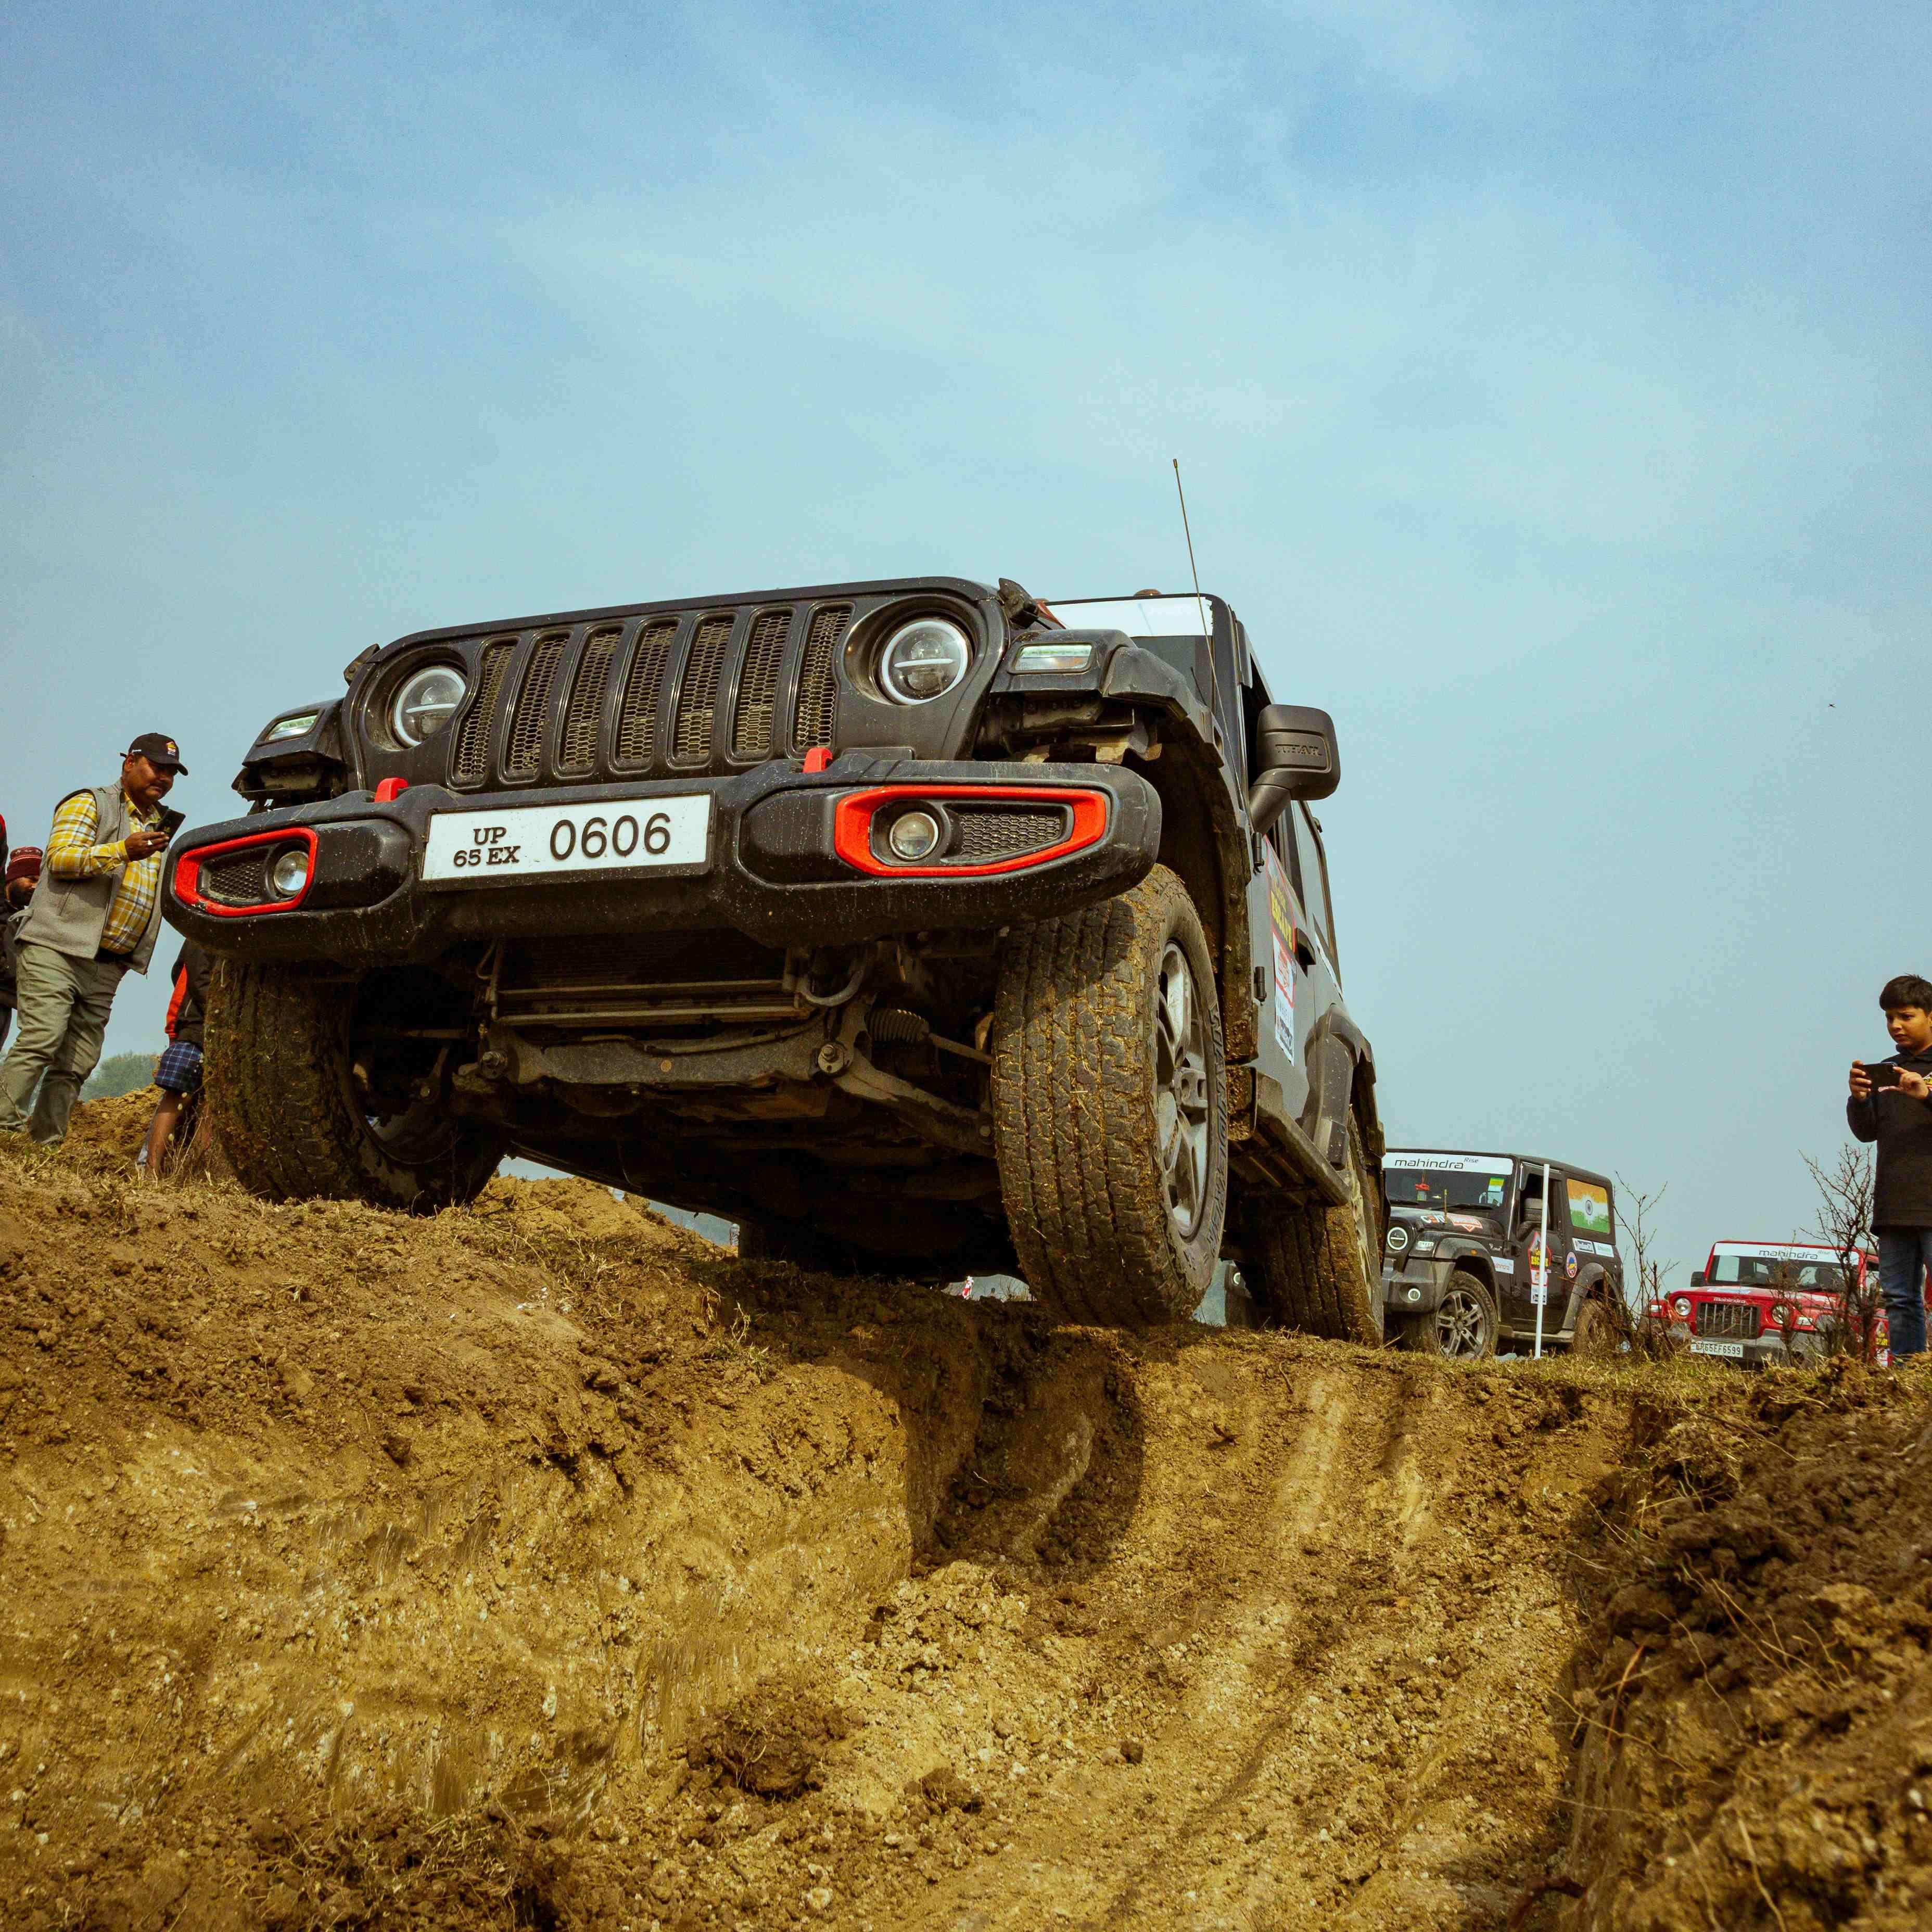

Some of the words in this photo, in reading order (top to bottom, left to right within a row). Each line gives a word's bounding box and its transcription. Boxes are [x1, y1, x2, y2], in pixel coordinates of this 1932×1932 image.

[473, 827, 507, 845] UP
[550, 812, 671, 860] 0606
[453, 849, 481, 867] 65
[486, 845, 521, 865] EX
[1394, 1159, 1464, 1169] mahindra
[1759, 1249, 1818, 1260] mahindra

◇ ◇ ◇ ◇

EXERCISE OBJECTIVE: Without the pictures, return the records above exactly as given.

RESULT:
Some of the words in this photo, in reading order (top to bottom, left to right within a row). Each line gives a word's bounding box and its transcription. Boxes are [x1, y1, x2, y2], in pixel coordinates of this 1932×1932 image.

[473, 827, 507, 845] UP
[550, 812, 671, 860] 0606
[453, 849, 481, 867] 65
[486, 845, 521, 865] EX
[1394, 1159, 1464, 1169] mahindra
[1759, 1249, 1818, 1260] mahindra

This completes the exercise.